▶ _ASSIGNMENT_
Every record that follows must be duplicated exactly, with images left out.

▶ _RECORDS SUPPLIED_
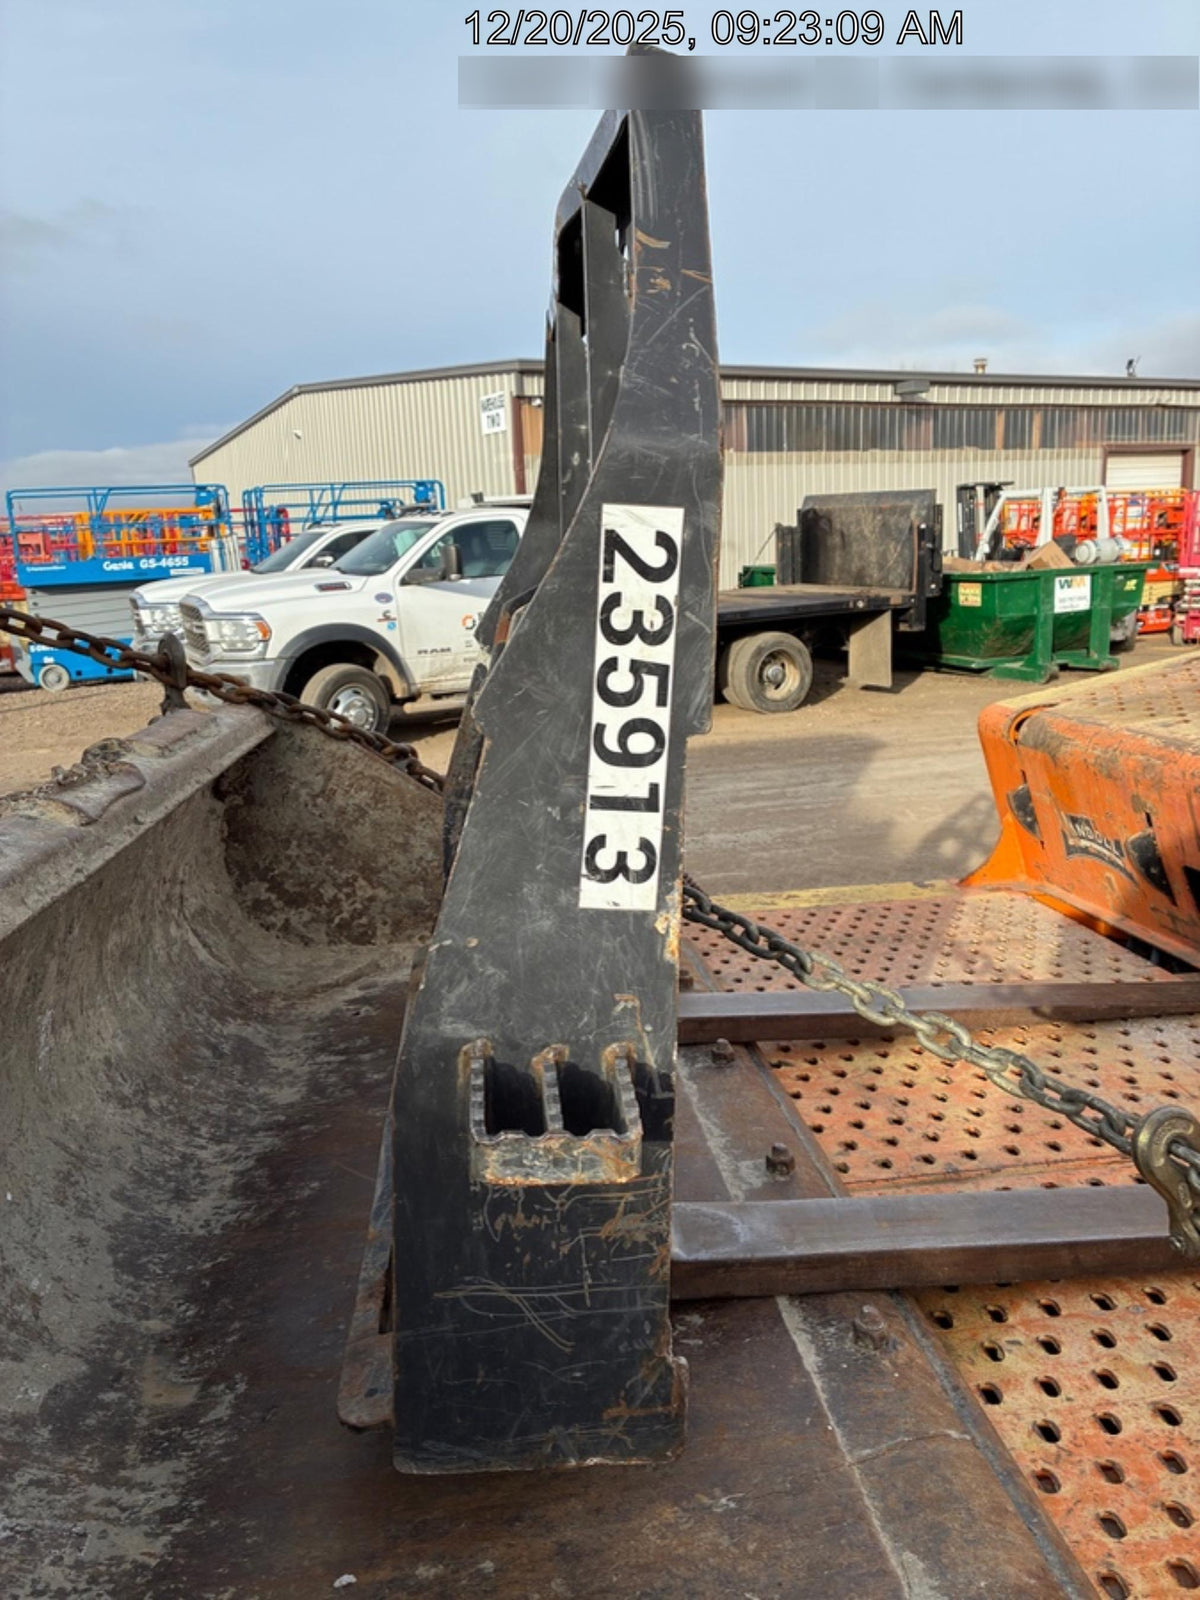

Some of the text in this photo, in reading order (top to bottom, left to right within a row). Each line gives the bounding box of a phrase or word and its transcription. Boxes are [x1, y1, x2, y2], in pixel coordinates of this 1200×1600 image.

[102, 556, 189, 571] Genie GS-4655
[1058, 576, 1086, 589] WM
[584, 528, 679, 885] 235913
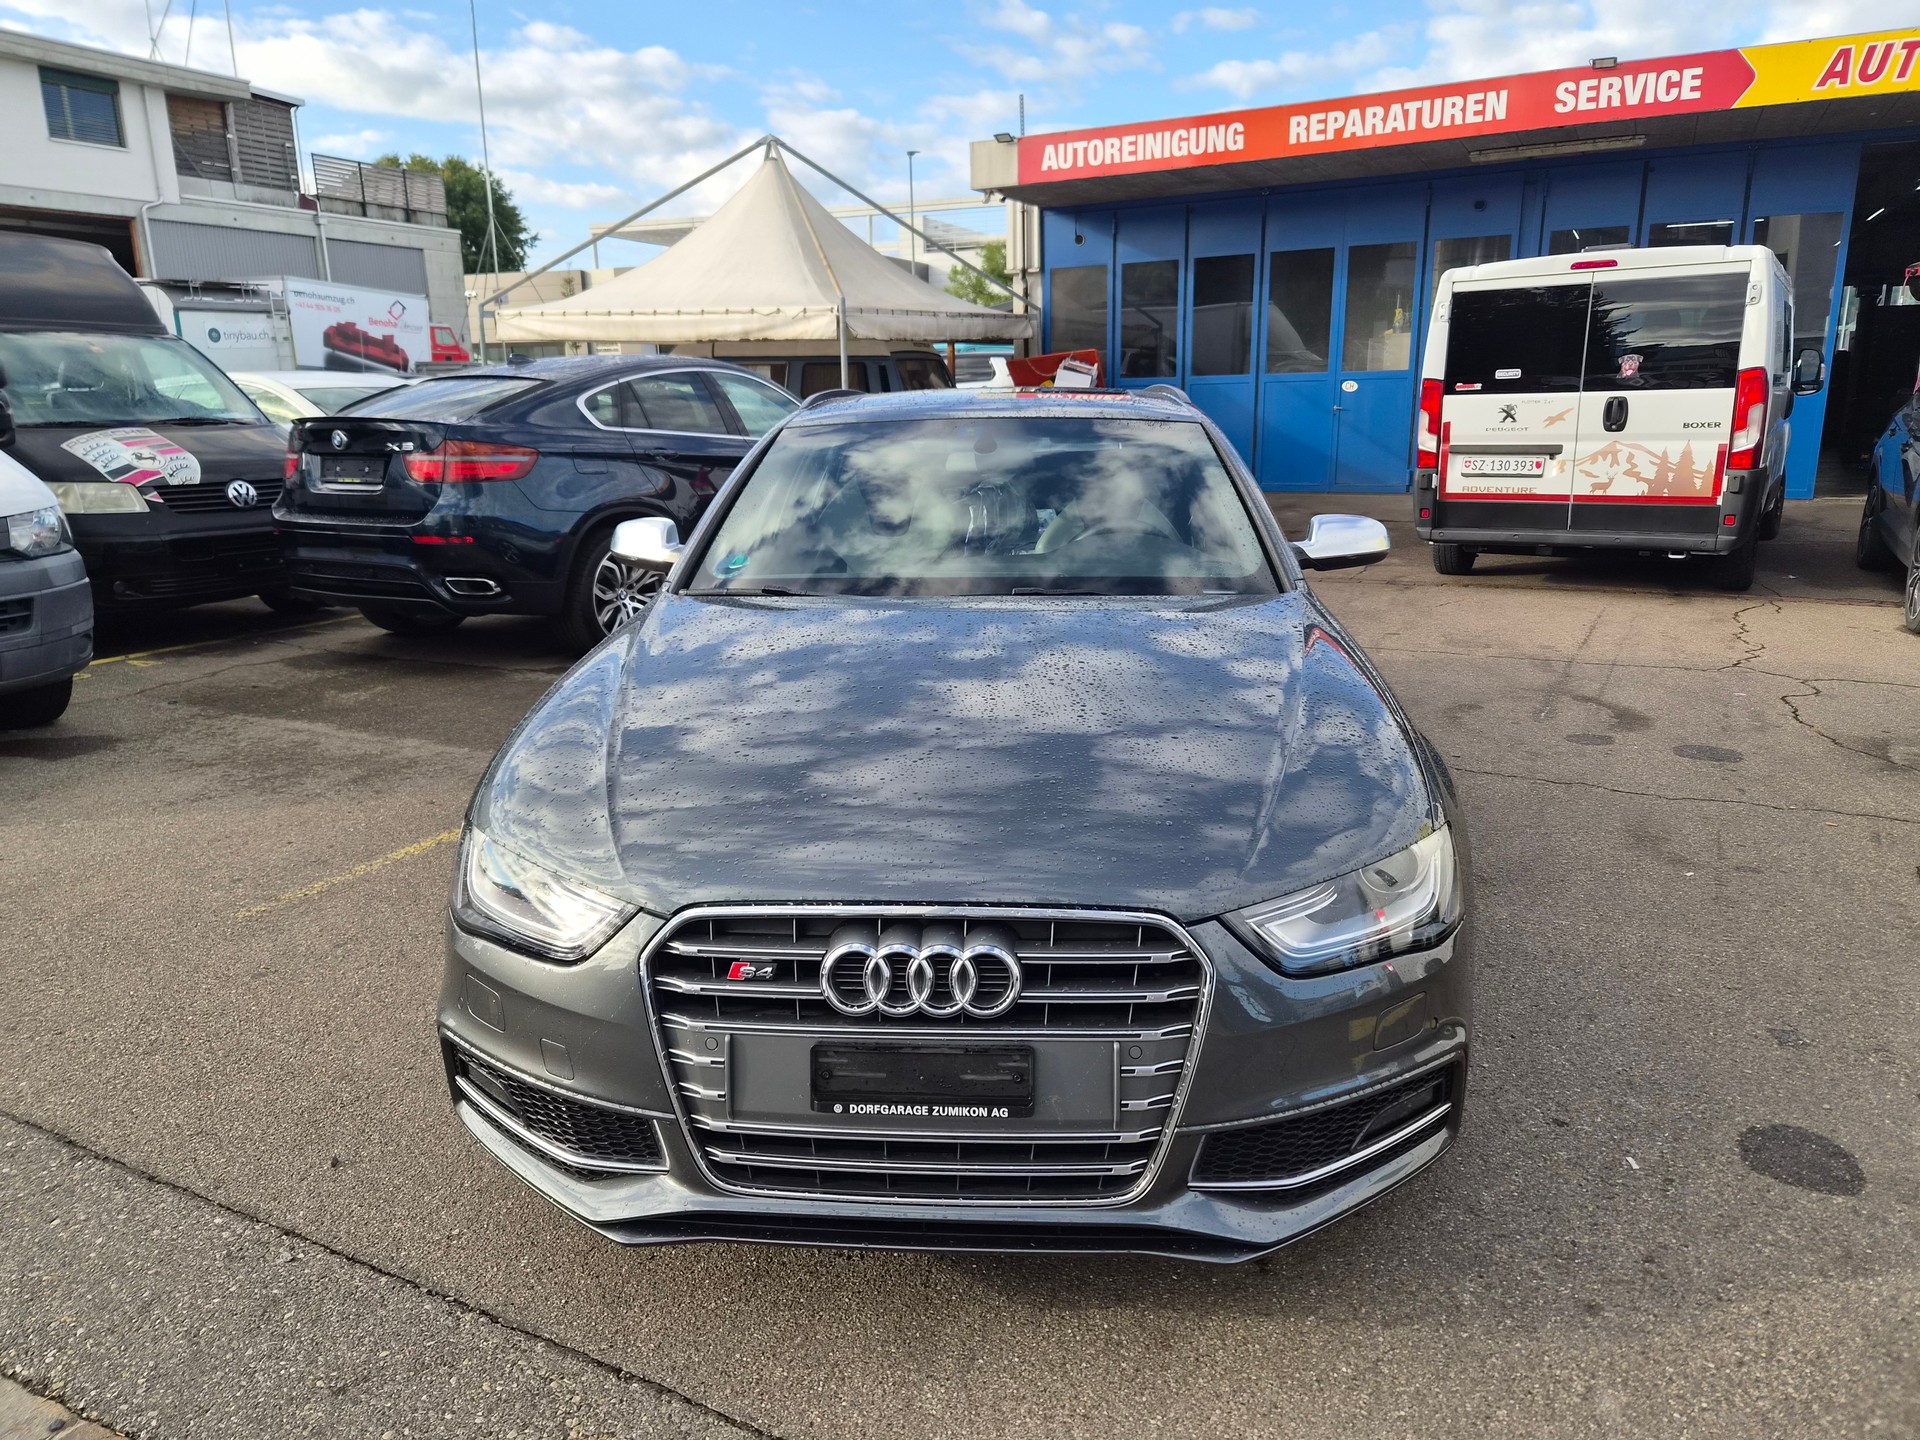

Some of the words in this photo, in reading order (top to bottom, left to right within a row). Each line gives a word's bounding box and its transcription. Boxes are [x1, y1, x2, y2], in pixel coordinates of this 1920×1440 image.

[1811, 38, 1920, 90] AUT
[1041, 122, 1245, 172] AUTOREINIGUNG
[1288, 89, 1509, 145] REPARATUREN
[1553, 66, 1704, 114] SERVICE
[223, 329, 270, 343] tinybau.ch
[1682, 421, 1722, 429] BOXER
[1461, 485, 1537, 494] ADVENTURE
[738, 966, 773, 979] S4
[849, 1104, 929, 1116] DORFGARAGE
[931, 1106, 988, 1118] ZUMIKON
[991, 1107, 1009, 1118] AG

▶ _RESPONSE BELOW_
Some of the text in this photo, in reading order (top to bottom, left to right within a row). Each line gives the bounding box of a phrase or word and its transcription. Boxes are [x1, y1, x2, y2], in pixel coordinates of this 1200×1600 image.

[102, 556, 189, 571] Genie GS-4655
[1058, 576, 1086, 589] WM
[584, 528, 679, 885] 235913

Some of the words in this photo, in reading order (top to bottom, left to right within a row). Each line gives a word's bounding box and its transcription. Boxes are [x1, y1, x2, y2], in pixel coordinates of this 1920×1440 image.

[1811, 38, 1920, 90] AUT
[1041, 122, 1245, 172] AUTOREINIGUNG
[1288, 89, 1509, 145] REPARATUREN
[1553, 66, 1704, 114] SERVICE
[223, 329, 270, 343] tinybau.ch
[1682, 421, 1722, 429] BOXER
[1461, 485, 1537, 494] ADVENTURE
[738, 966, 773, 979] S4
[849, 1104, 929, 1116] DORFGARAGE
[931, 1106, 988, 1118] ZUMIKON
[991, 1107, 1009, 1118] AG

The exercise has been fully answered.